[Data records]

· · · · · · ·

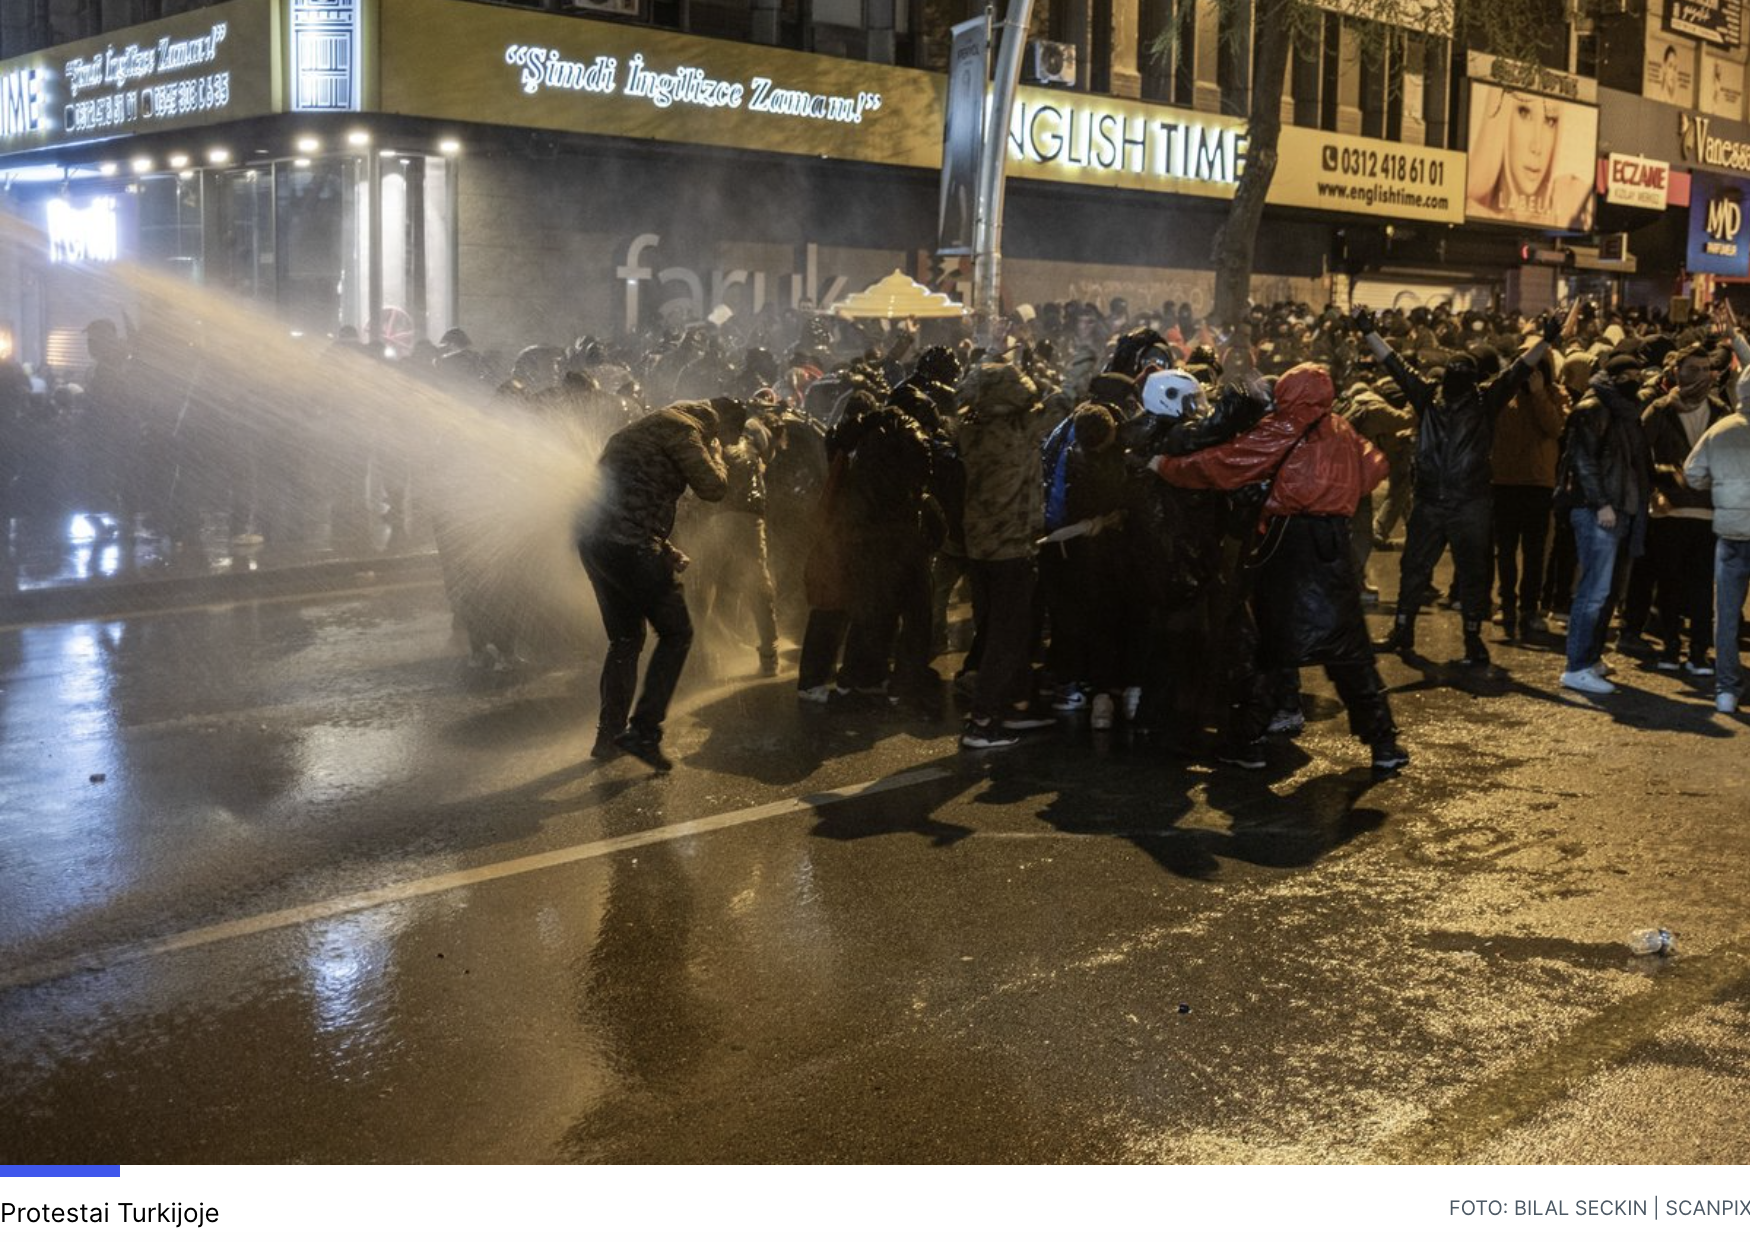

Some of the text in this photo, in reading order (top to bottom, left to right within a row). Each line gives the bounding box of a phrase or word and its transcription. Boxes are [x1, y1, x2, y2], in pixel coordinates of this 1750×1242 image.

[623, 53, 745, 108] İngilizce
[1009, 102, 1249, 182] NGLISH TIME
[1341, 147, 1444, 186] 0312 418 61 01
[1613, 160, 1666, 190] ECZANE
[1317, 181, 1449, 210] www.englishtime.com
[616, 233, 848, 333] faruk
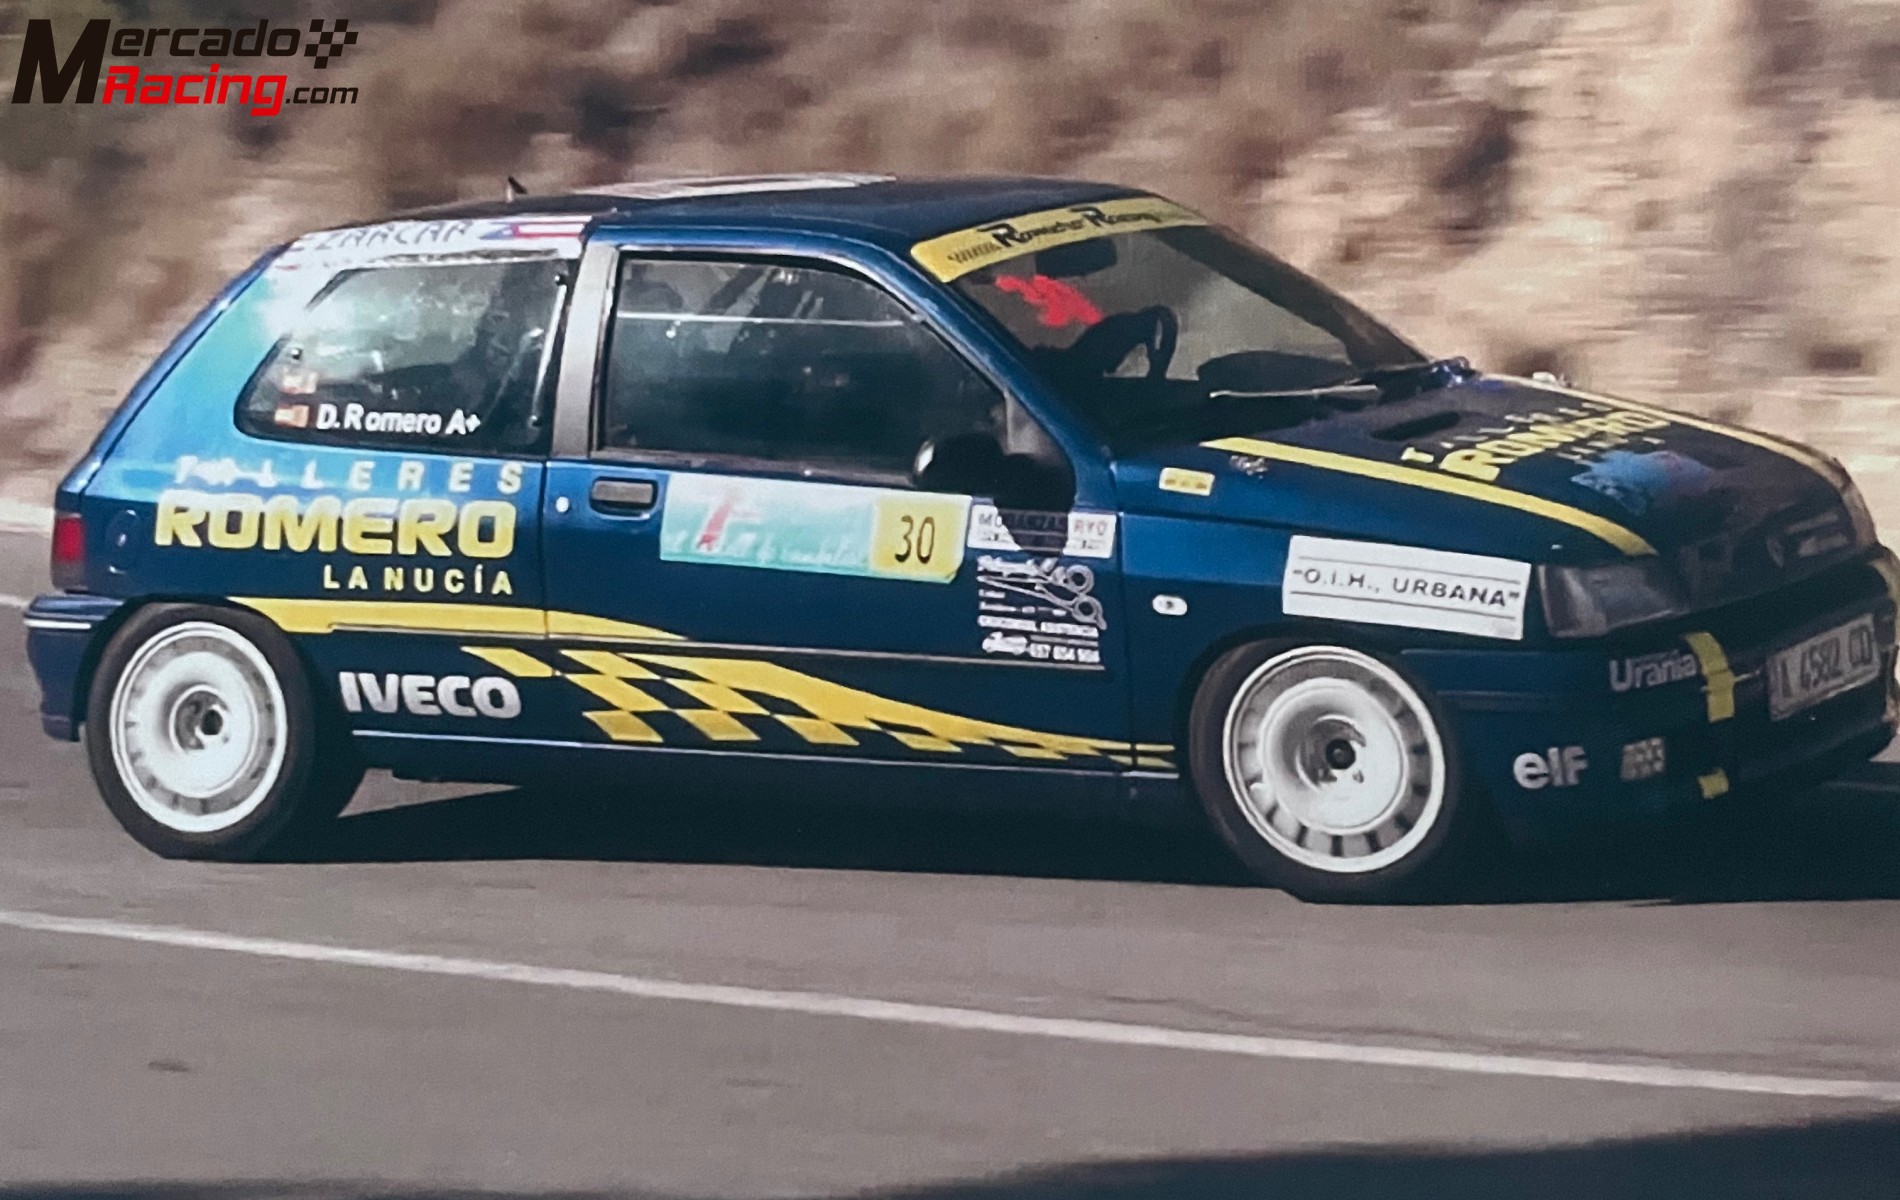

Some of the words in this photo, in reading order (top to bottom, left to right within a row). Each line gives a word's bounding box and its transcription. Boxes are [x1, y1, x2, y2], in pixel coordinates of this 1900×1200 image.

[344, 403, 442, 433] Romero
[154, 489, 516, 559] ROMERO
[894, 515, 936, 564] 30
[323, 564, 368, 590] LA
[384, 564, 514, 595] NUCÍA
[338, 671, 522, 719] IVECO
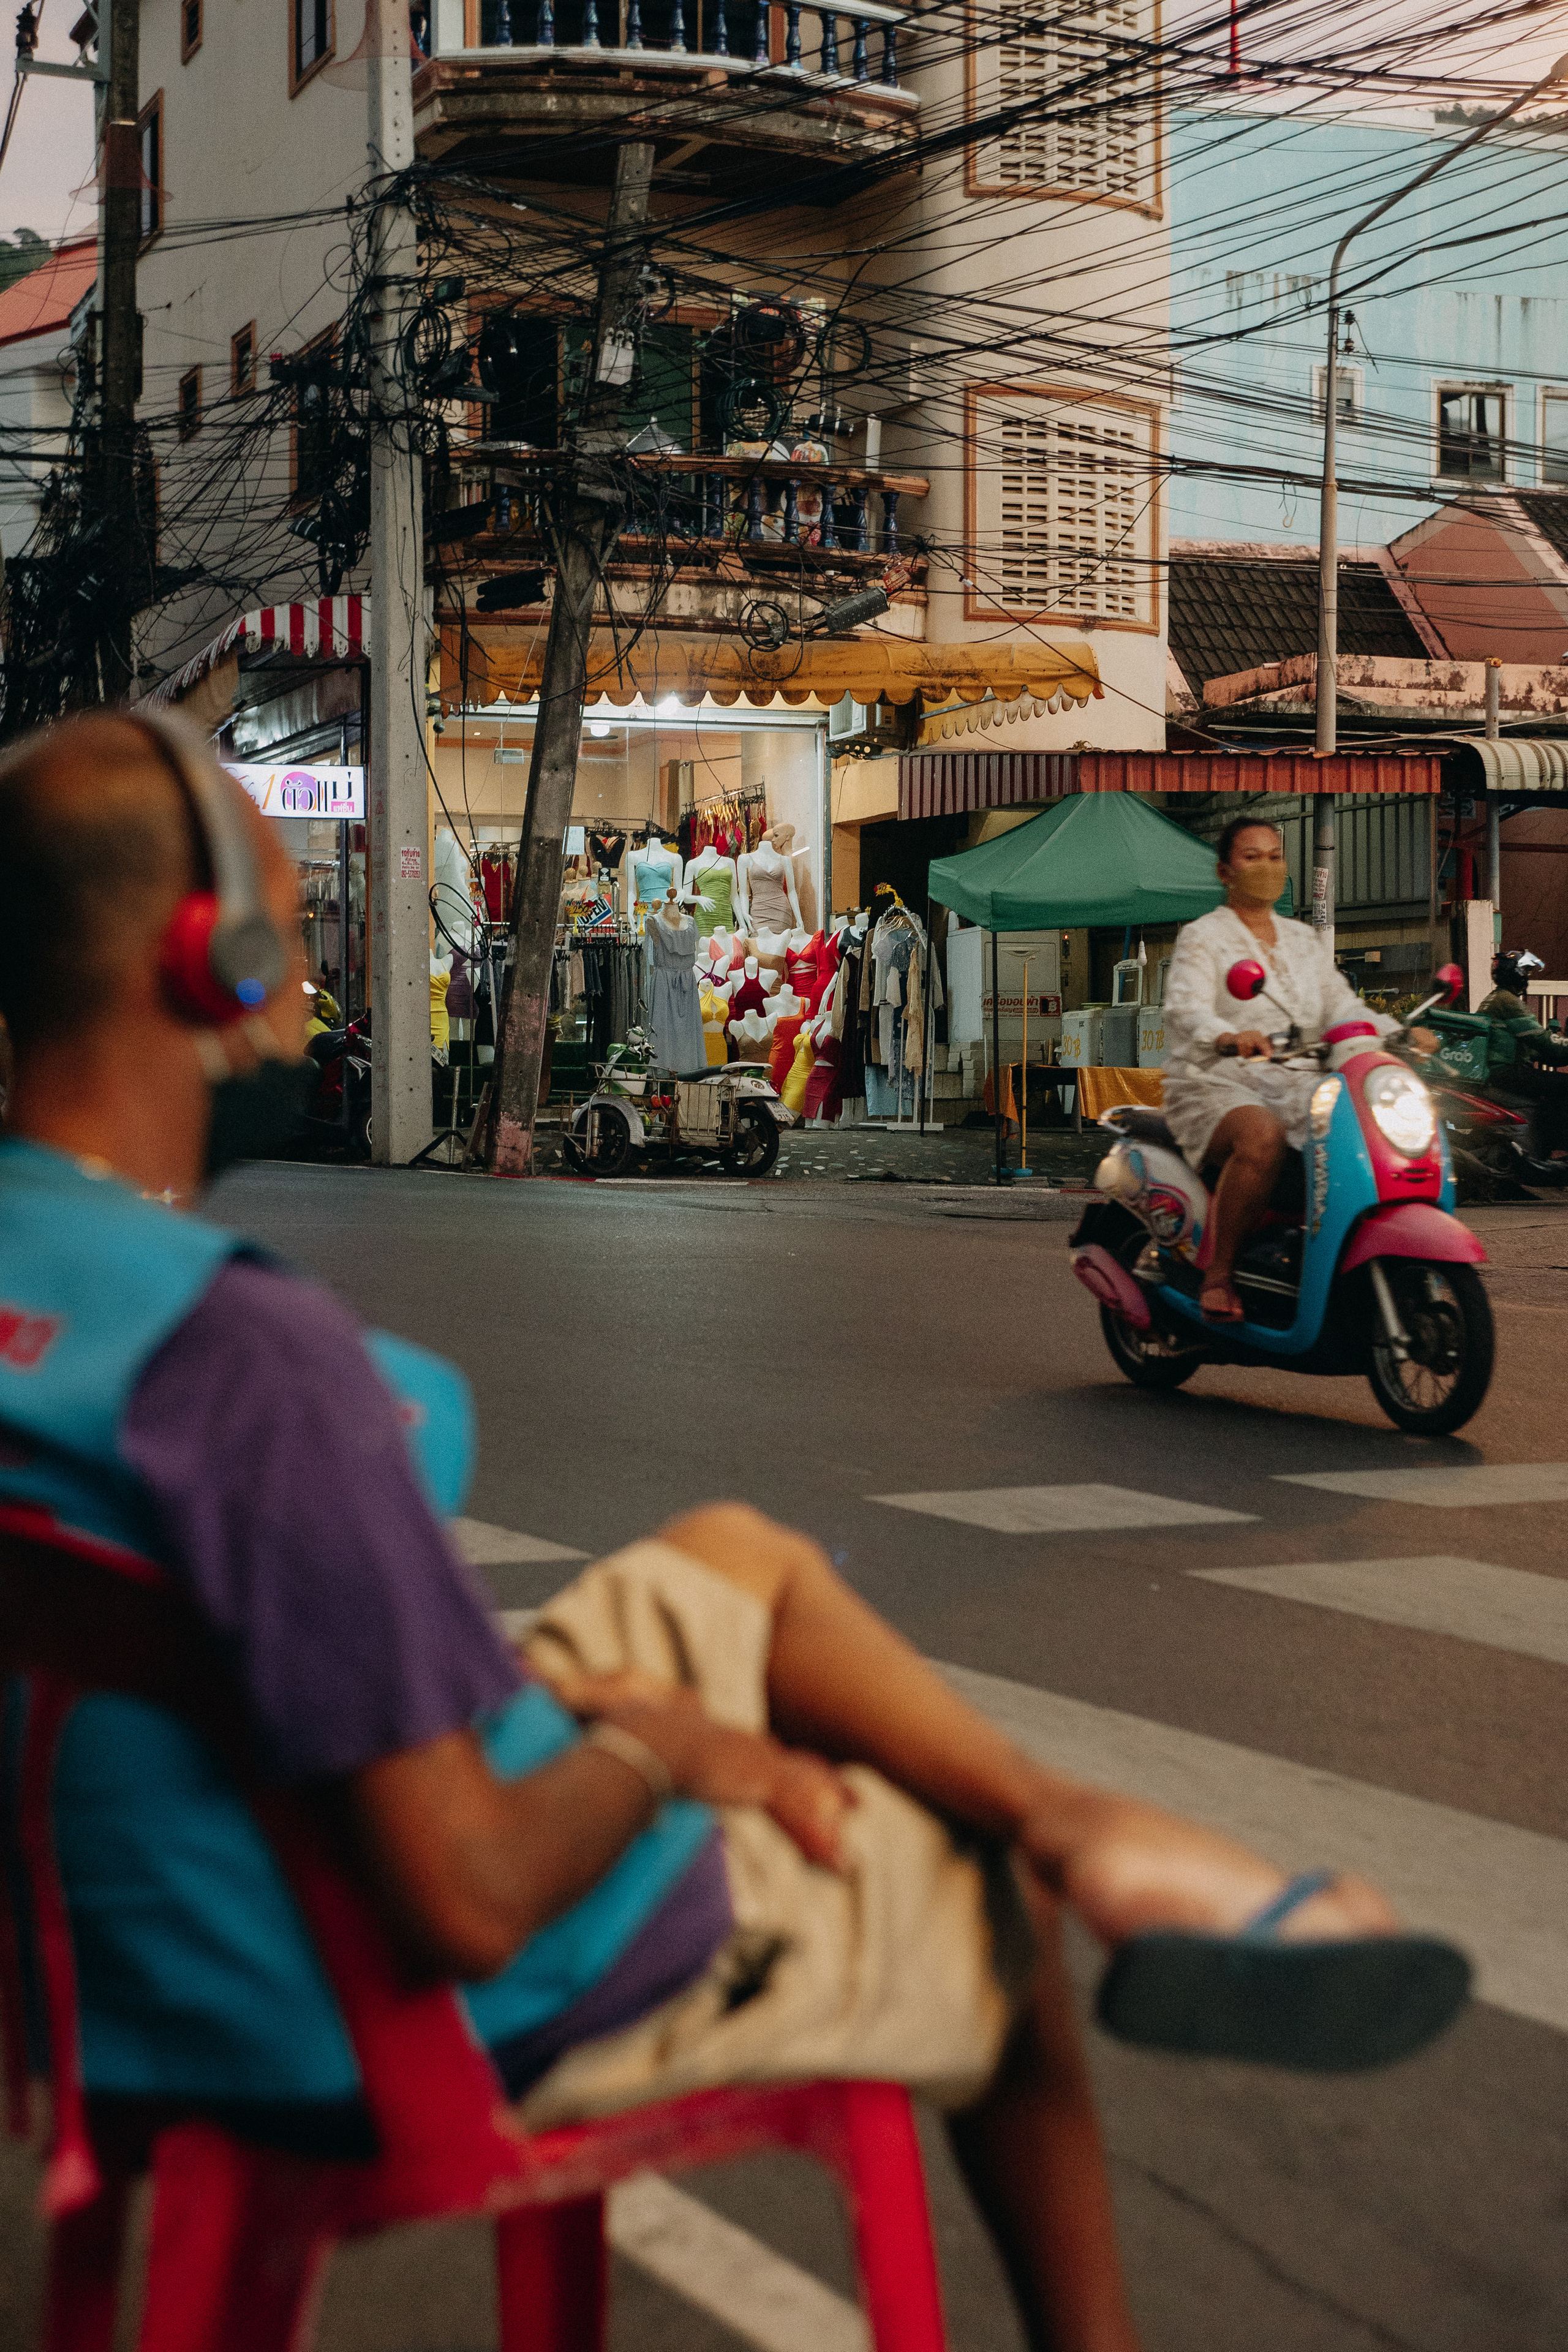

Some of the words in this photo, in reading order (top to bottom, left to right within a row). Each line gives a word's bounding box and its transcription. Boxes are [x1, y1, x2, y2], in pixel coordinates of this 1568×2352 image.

[281, 771, 352, 812] ตัวแม่
[1440, 1047, 1474, 1063] Grab
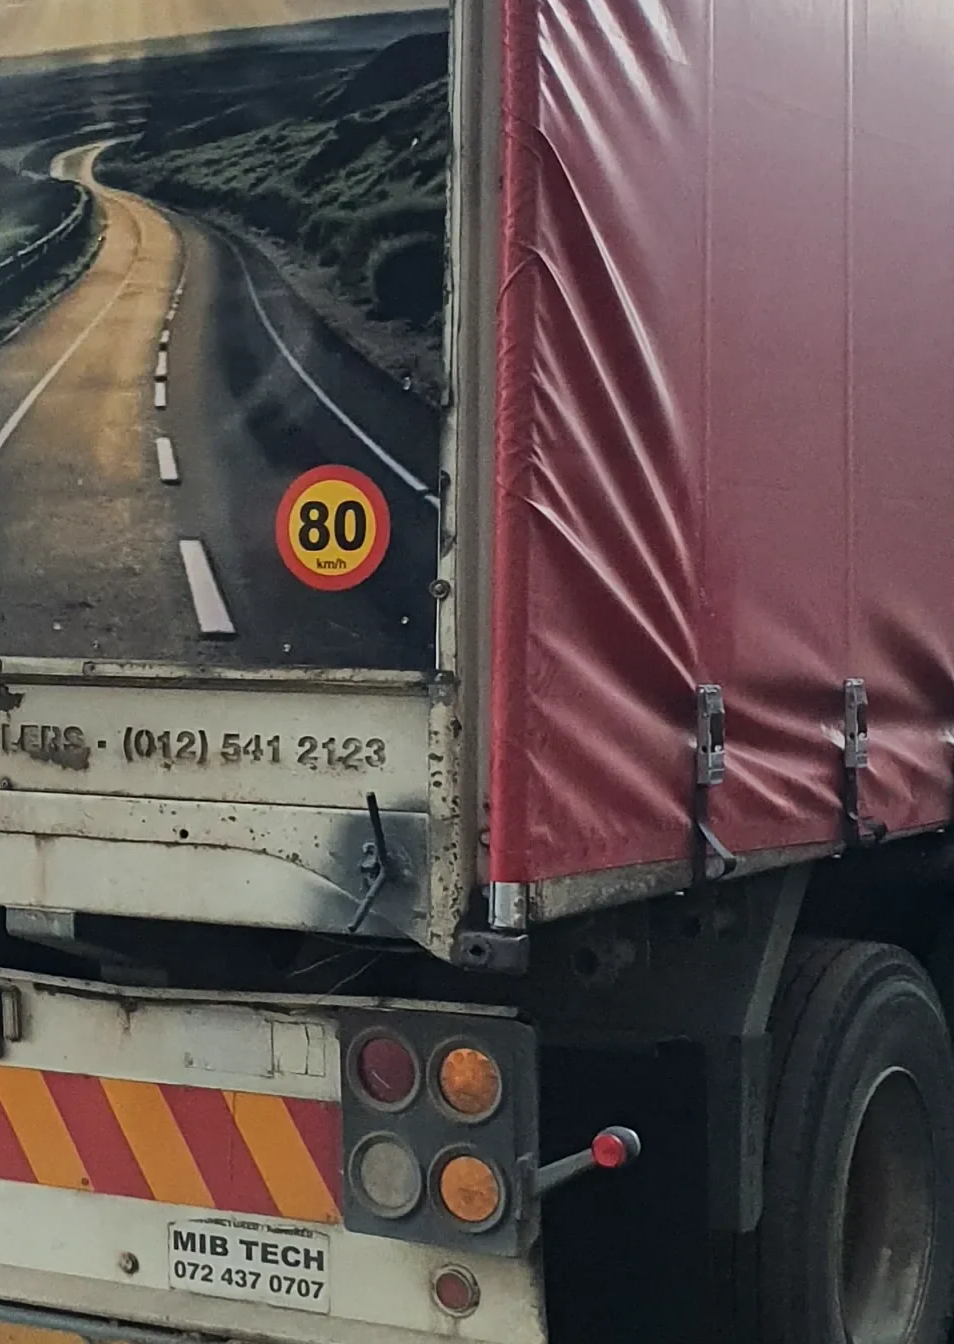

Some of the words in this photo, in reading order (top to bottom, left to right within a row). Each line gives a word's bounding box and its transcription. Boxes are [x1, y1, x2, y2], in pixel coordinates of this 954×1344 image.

· · · · · · ·

Work instructions
Drop the images and quote the entries word for word.

Exercise result
Some of the text in this photo, in reading order (top to bottom, left to right within a row). Each line gives the bounding box of a phrase or word and its transcription. Boxes are [x1, y1, x2, y2], in pixel coordinates of this 1750×1242 image.

[623, 53, 745, 108] İngilizce
[1009, 102, 1249, 182] NGLISH TIME
[1341, 147, 1444, 186] 0312 418 61 01
[1613, 160, 1666, 190] ECZANE
[1317, 181, 1449, 210] www.englishtime.com
[616, 233, 848, 333] faruk

Some of the words in this photo, in reading order (top to bottom, left to right within a row). Each line gives a word's bounding box and its transcription. Boxes are [x1, y1, x2, y2], in pixel coordinates of this 1900×1200 image.

[344, 403, 442, 433] Romero
[154, 489, 516, 559] ROMERO
[894, 515, 936, 564] 30
[323, 564, 368, 590] LA
[384, 564, 514, 595] NUCÍA
[338, 671, 522, 719] IVECO

Some of the words in this photo, in reading order (top to bottom, left to right within a row). Each line gives a word's bounding box and its transcription. Boxes are [x1, y1, x2, y2], in pixel coordinates of this 1568×2352 image.

[281, 771, 352, 812] ตัวแม่
[1440, 1047, 1474, 1063] Grab

Some of the words in this photo, in reading order (top to bottom, left to right within a row). Each line gives a word's bounding box and its transcription. Boxes are [x1, y1, x2, y2], in pixel coordinates of this 954×1344 image.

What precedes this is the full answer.